Recent studies and articles have piqued my interest in nutrition and the affects it has on male and females in regards to fertility. I have taken the most up-to-date research based evidence to give a list of foods and nutrients that have been shown to provide benefits while attempting to become pregnant if included in your daily diet. I will also touch on the foods that you may want to avoid or limit due to negative correlations with fertility.
According to the American Society of Reproductive Medicine, it is reported that 10% of the population is affected by infertility. We can’t control some causes of infertility but we can control what we eat! A healthy body weight is just a start for creating a healthy lifestyle and nourishing your body with the nutrients it needs to function properly. “The National Infertility Association reports that 30 percent of infertility cases are due to weight extremes, which can alter hormone levels and throw ovulation off schedule. For women who are overweight, as little as 5 percent weight loss could improve fertility.”3 Lack of adequate body fat can also affect fertility, keeping your BMI >18.5 is recommended. “A certain amount of body fat is needed for regular ovulation and menstrual cycles because some estrogen is produced in women’s fat stores. In fact, body weight changes of just 10% to 15% below normal can disrupt menstrual cycles.”4
- Iron rich foods: beans, eggs, lentils, fortified cereals, long-grain enriched rice and whole grains. Pairing these foods with foods high in Vitamin C like citrus fruits or orange juice can enhance absorption of food sources of iron as well.
- Seafood/Omega-3’s: Fish high in omega-3 fats are salmon, albacore tuna (fresh and canned), sardines, lake trout and mackerel.
- Vegetables: spinach, chile peppers, black and green olives, mushrooms, asparagus, arugula, radicchio, beets, broccoli, artichokes, and red peppers
- Fruits: blackberries, red currants, raspberries, strawberries, blueberries, oranges, pineapple, plums, and pomegranates
- Monounsaturated Fats: avocados, nuts, plant oils like canola oil and olive oil, and peanut butter
- Vitamin D Rich Foods: Salmon, swordfish, fortified skim milk, fortified orange juice, whole grain cereal (Sunlight is the most efficient source of vitamin D for people so just go grab some rays outside!) Research shows that vitamin D deficiency contributes to infertility issues and is now included in prenatal counseling due to the importance of adequate Vitamin D in the beginning of pregnancy as well as while attempting to become pregnant.2
- Processed Meat and Red Meat – shown to reduce sperm quality compared to men who consumed high amounts of vegetable proteins and fish
- Alcohol – studies have shown that alcohol intake can affect implantation and conceiving as well as increase your risk of early miscarriages.

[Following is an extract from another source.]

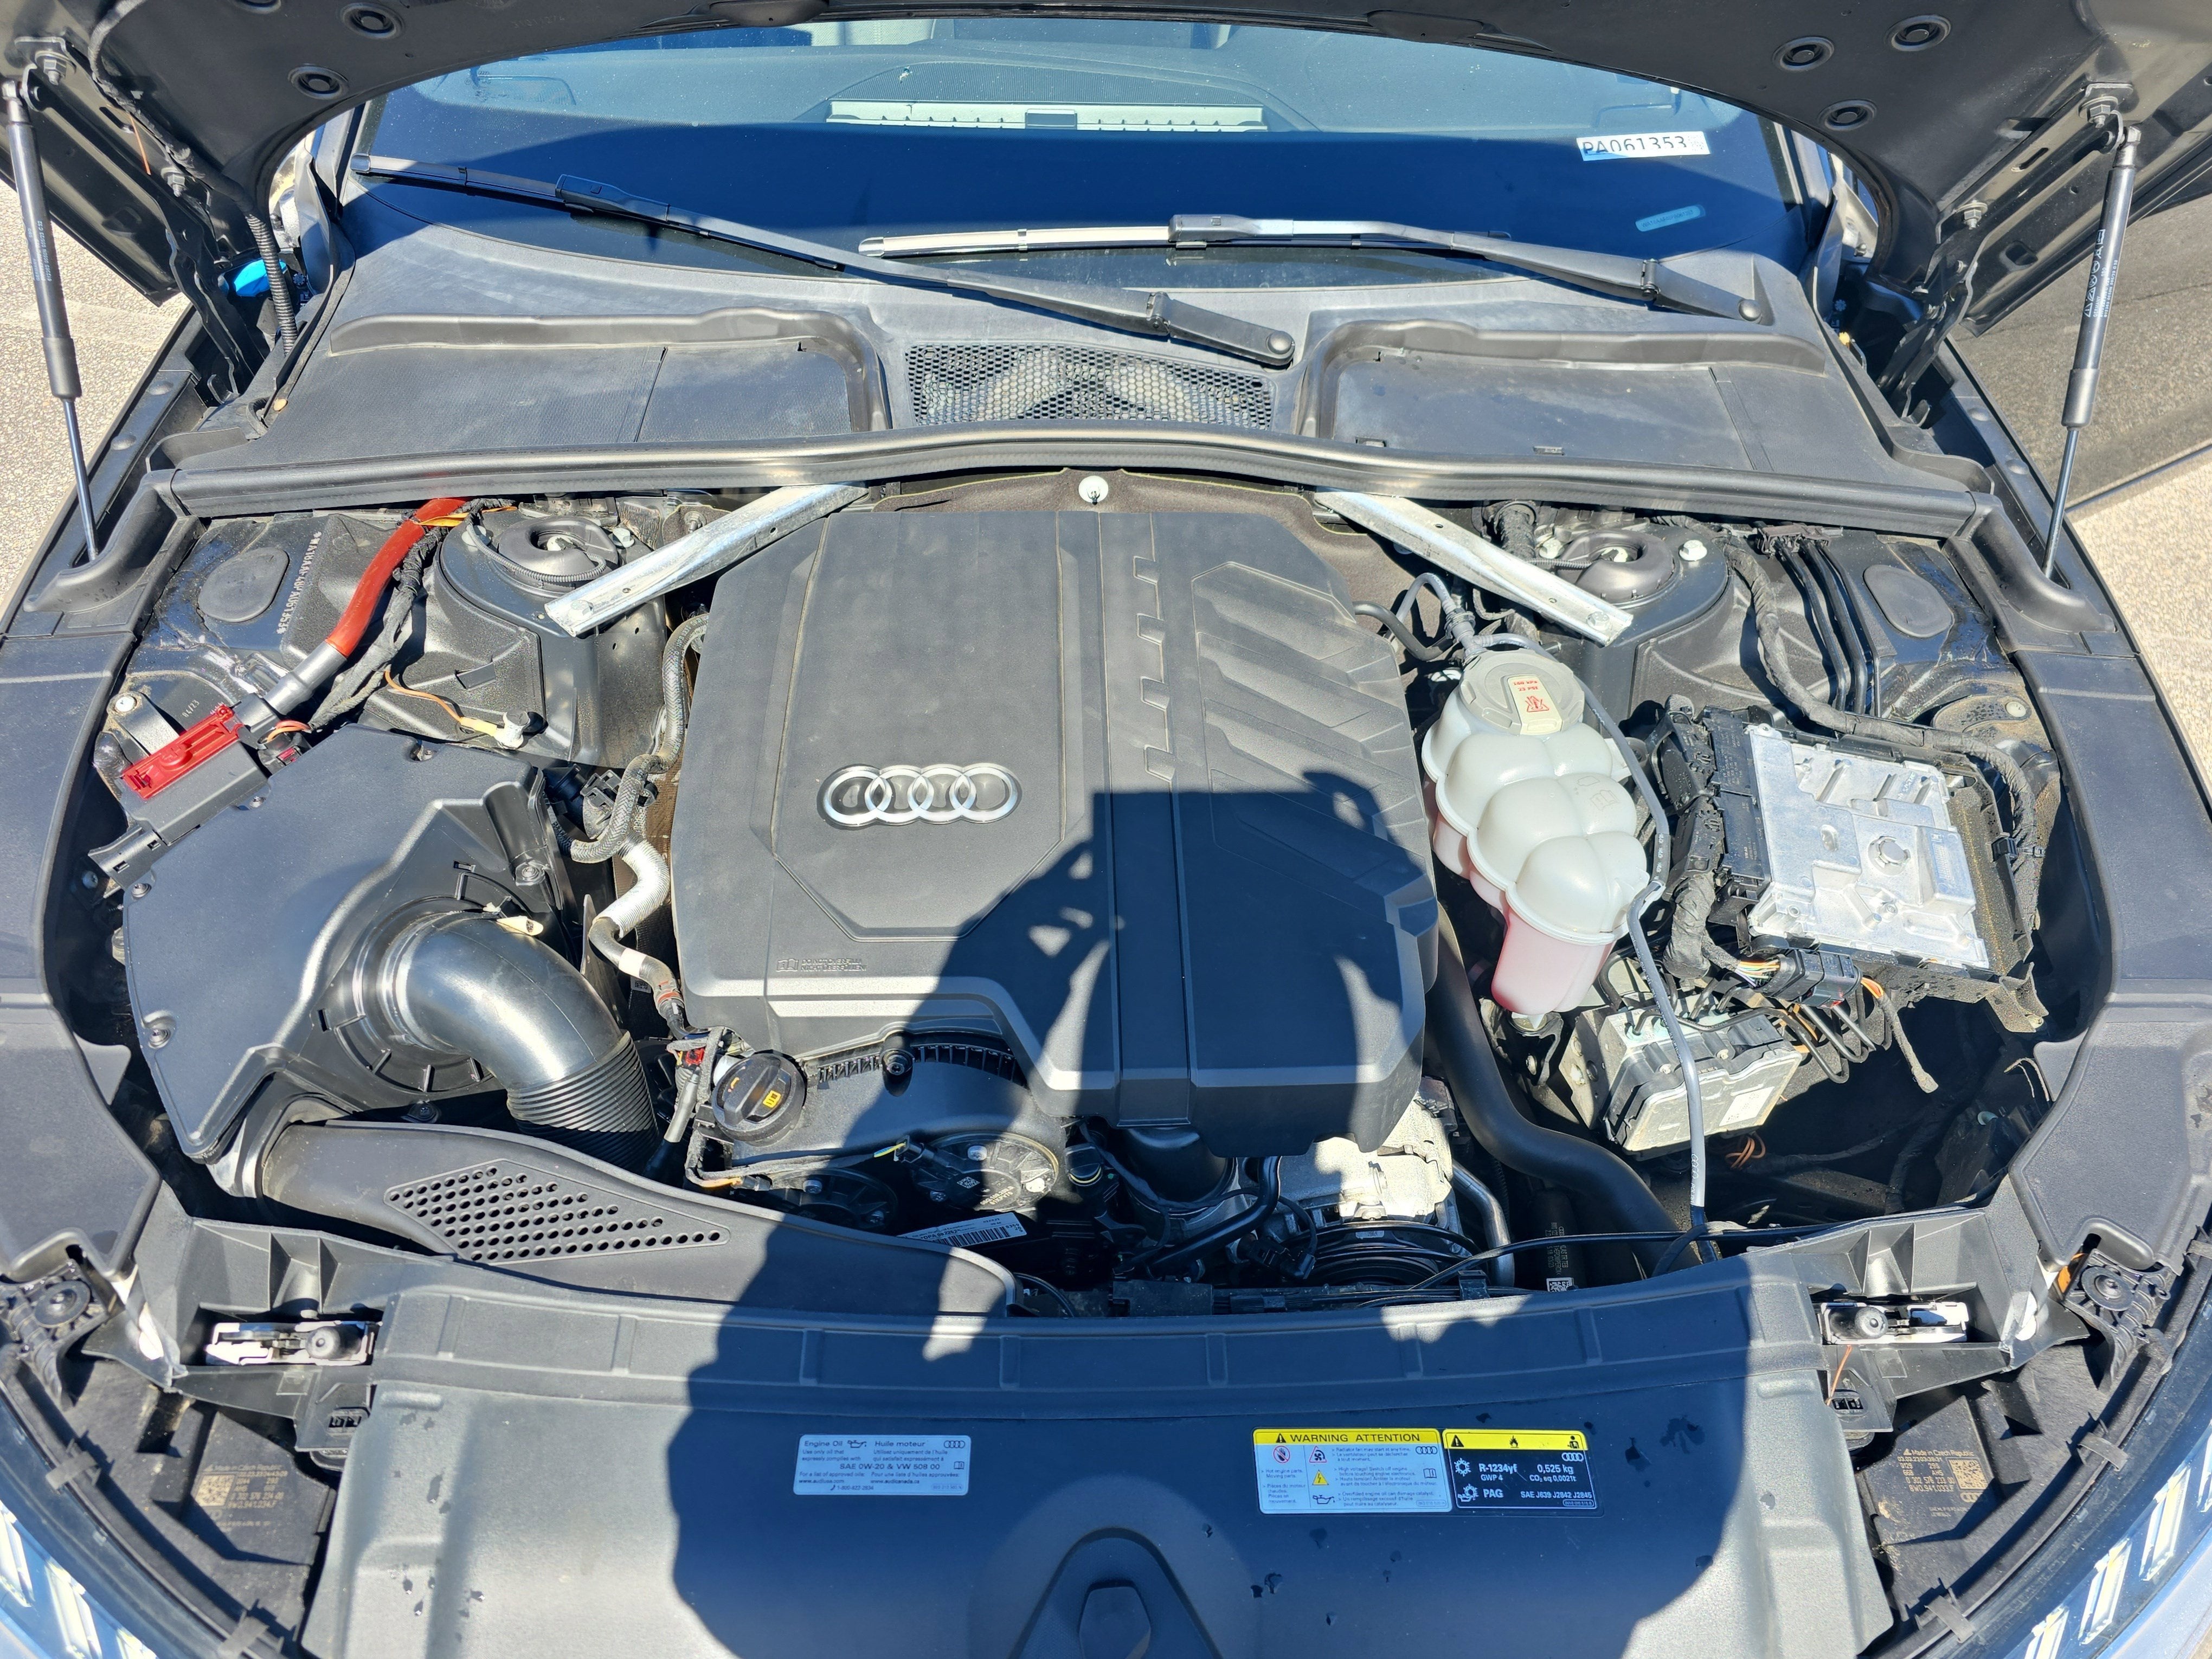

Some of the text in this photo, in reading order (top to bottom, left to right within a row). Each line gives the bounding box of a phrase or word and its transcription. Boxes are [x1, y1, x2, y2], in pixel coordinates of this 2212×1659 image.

- Sugar-Sweetened Beverages + Sweets – it is well known that increased consumption of sugar sweetened beverages and sweets in general contributes to excess calories consumed throughout the day which in turn results in increased weight gain and a higher BMI which in males is related to low sperm count. Avoiding sugar sweetened beverages in hand with a healthy body weight is ideal. 5
- Trans-Fatty Acids – intake of trans fatty acids may be related to lower semen quality. Trans fatty acids are man-made fatty acids created to increase shelf-life of common foods, there are no benefits associated with consuming trans-fatty acid. 6
This is a beautiful cookbook, written by two registered dietitians, filled with well-researched nutrition recommendations. These recipes are inclusive of variety, flavor and satisfaction and would be great for anyone — trying to conceive or not.
In summary, consume more antioxidant rich foods, limit your meat consumption and try more meat-less meals, manage your stress, add fruits and vegetables to all meals and make sure you are getting appropriate amounts of all vitamins and minerals (consume a prenatal!). Avoid simple carbohydrates and too many sweets, choose nutrient dense and make sure you are consuming 5-6 smaller more frequent meals throughout the day.
-Cinthia Scott, RD, LD, CNSC
- Human Reproduction Update, Volume 23, Issue 4, 1 July 2017, Pages 371–389,https://doi.org/10.1093/humupd/dmx006
- J Steroid Biochem Mol Biol. 2017 Dec 17. pii: S0960-0760(17)30382-5. doi: 10.1016/j.jsbmb.2017.12.011.
- Human Reproduction, Volume 29, Issue 7, 1 July 2014, Pages 1575–1584,https://doi.org/10.1093/humrep/deu102
Hum Reprod. 2014 Mar; 29(3): 429–440.